Introduction
The T-cell receptor (TCR) is a molecule found on the surface of T cells, responsible for recognizing specific antigens presented by major histocompatibility complex (MHC) molecules. When TCR binds to the antigen-MHC complex, it initiates a cascade of intracellular signaling that activates the T cell and triggers an immune response.
TCRs regulate immune response
The TCR is a heterodimeric transmembrane protein that belongs to the immunoglobulin superfamily. Around 90-95% of TCRs consist of alpha (α) and beta (β) chains, known as αβ T cells, while the remaining TCRs are composed of gamma (γ) and delta (δ) chains, called γδ T cells. Each chain contains a variable region for antigen recognition, and a constant region for maintaining structural integrity of the receptor. The TCR’s variable regions are unique to each T cell, allowing the immune system to recognize diverse antigens. Activation of T cells begins when TCRs interact with antigens presented by MHC molecules, leading to its proliferation and differentiation. When CD8+ cytotoxic T cells bind to antigens presented by MHC class I molecules, which are present on nearly all nucleated cells, CD8+ cytotoxic T cells release perforins and granzymes to directly induce cell death in targeted cells. In contrast, CD4+ T helper cells interact with antigens presented by MHC class II molecules, which are mainly found on antigen-presenting cells such as dendritic cells and macrophages. Upon activation, CD4+ helper T cells secrete cytokines that are crucial for coordinating the broader immune response, including promoting activation of CD8+ cytotoxic T cells and stimulating B cells to produce antibodies. TCR signaling is tightly regulated to prevent excessive immune reactions, such as autoimmunity. Besides regulatory T cells (Tregs), a subset of CD4+ T cells, which help to control immune response by suppressing overactivation, inhibitory signals like PD-L1 provide negative feedback to limit immune response and avoid tissue damage.

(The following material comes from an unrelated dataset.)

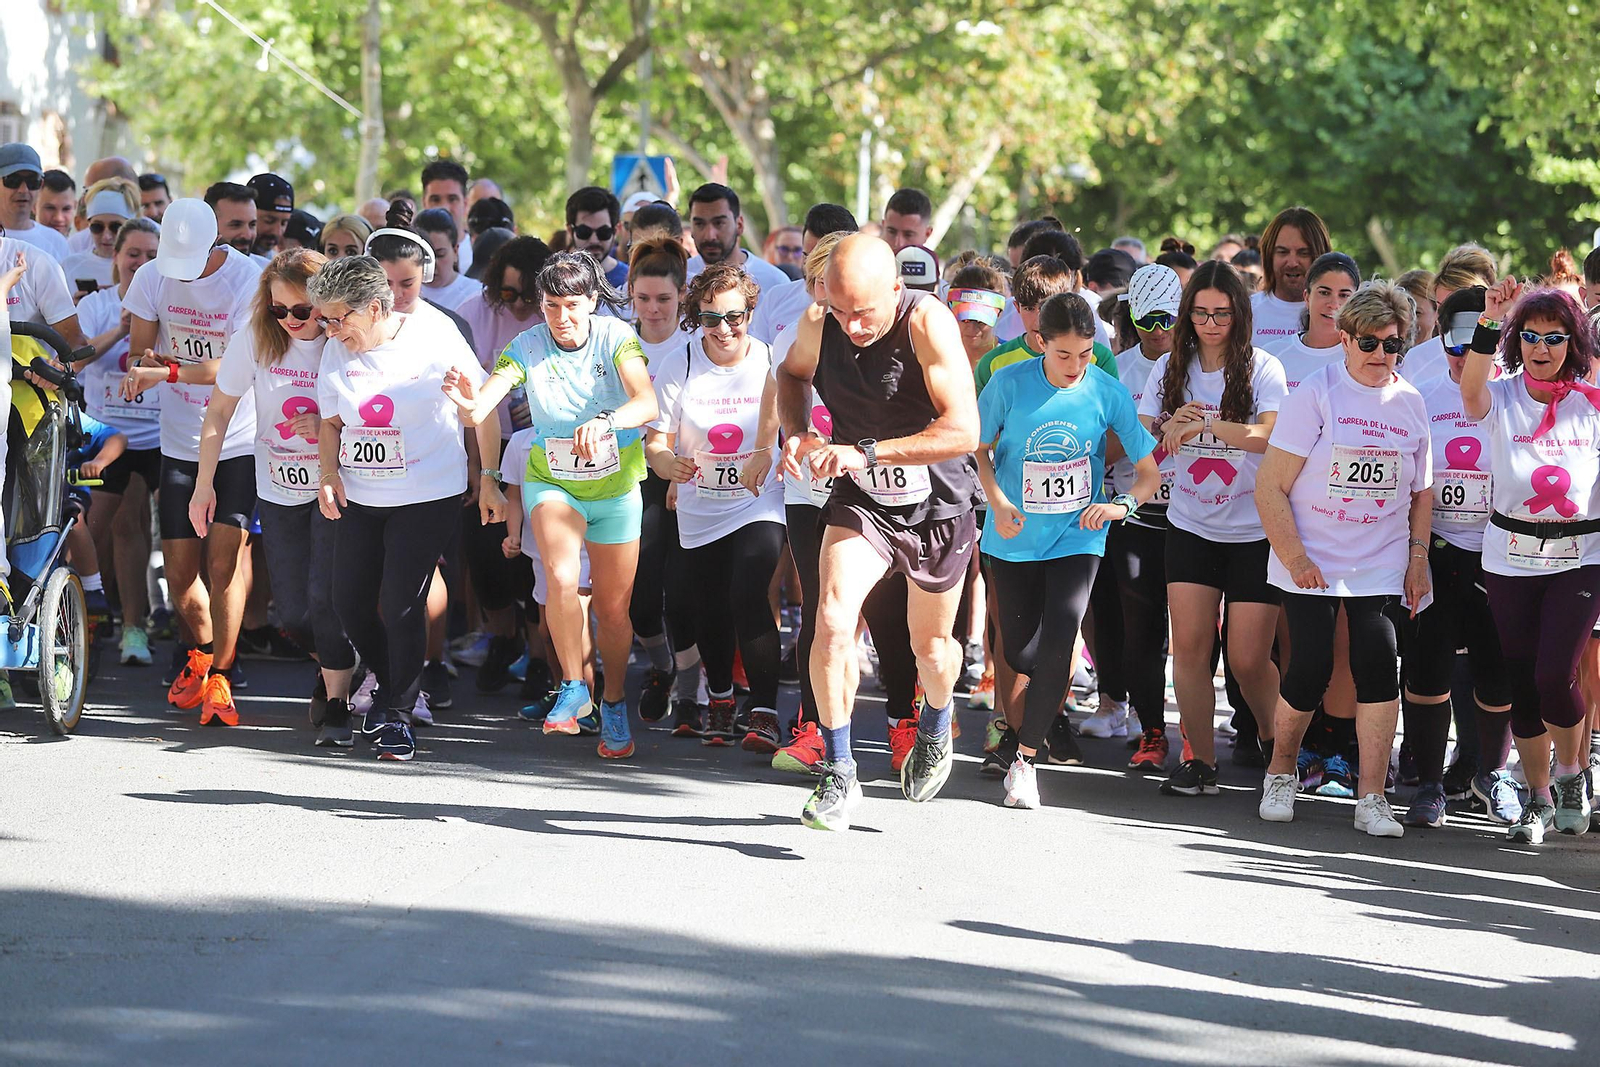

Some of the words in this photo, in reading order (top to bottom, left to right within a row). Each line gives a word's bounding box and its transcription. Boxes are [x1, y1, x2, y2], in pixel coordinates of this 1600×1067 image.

Challenges of CAR T-cell therapy in solid tumor treatment
Continuous research in cancer treatments has led to innovative personalized approaches such as adoptive cell therapy, whereby isolated immune cells are enhanced and/or engineered in the laboratory before being infused into cancer patients to boost the immune system in fighting against cancer. An example of adoptive cell therapy is chimeric antigen receptor (CAR) T-cell therapy. In the laboratory, the collected T cells are genetically modified to express synthetic CAR on their surface, designed to recognize antigens commonly found on surface of cancer cells (for example, CD19 on lymphoma cells). These modifications, which enable T cells to better recognize and attack cancer cells, have led to breakthroughs in the treatment of certain cancers. Although several CAR T-cell therapies have been approved by the U.S. Food and Drug Administration (FDA) for hematologic malignancies, their effectiveness in solid tumors remain limited due to immunosuppressive tumor microenvironment, lack of tumor-specific surface antigens, and dense tumor structures that hinder CAR T-cell infiltration.
Advantages of TCR therapy in solid tumor treatment
In recent years, TCR therapy has emerged as a promising therapeutic approach for the treatment of solid tumors, owing to several key advantages. In contrast to CAR T-cells that only recognize surface antigens on the cancer cells, TCRs can recognize both surface and intracellular antigens, broadening the pool of tumor associated antigens as potential targets and enabling more cancer types to benefit from this approach. Additionally, since TCRs can interact with MHC-presented antigens, it is thought that this can facilitate deeper tumor infiltration and increased activity within the tumor tissue, improving efficacy of TCR therapy in the microenvironment of solid tumors. Moreover, studies have shown that TCRs demonstrated greater sensitivity and mediate lower levels of cytokine release, when compared to CAR T-cells. The key drawback for TCR therapy, in comparison to CAR T-cell therapy, is its reliance on antigen recognition through MHC molecules. Consequently, the effectiveness of TCR therapy depends on the patient’s unique human leukocyte antigen (HLA) profile.
First TCR therapy approved by the U.S. FDA for cancer
Afamitresgene autoleucel (Tecelra, Adaptimmune, LLC) became the first TCR therapy to be approved by the U.S. FDA for cancer on August 02nd, 2024, after it demonstrated 43% overall response rate and median duration of six months among the 44 patients who received Tecelra in a clinical trial. Tecelra, which takes around 6 weeks to manufacture and is administered as a single intravenous dose, is indicated for the treatment of adults with unresectable or metastatic synovial sarcoma who have received prior chemotherapy, are HLA antigen(s) A02:01P, -A02:02P, -A02:03P, or -A02:06P positive, and whose tumor expresses the melanoma-associated antigen A4 (MAGE-A4) antigen.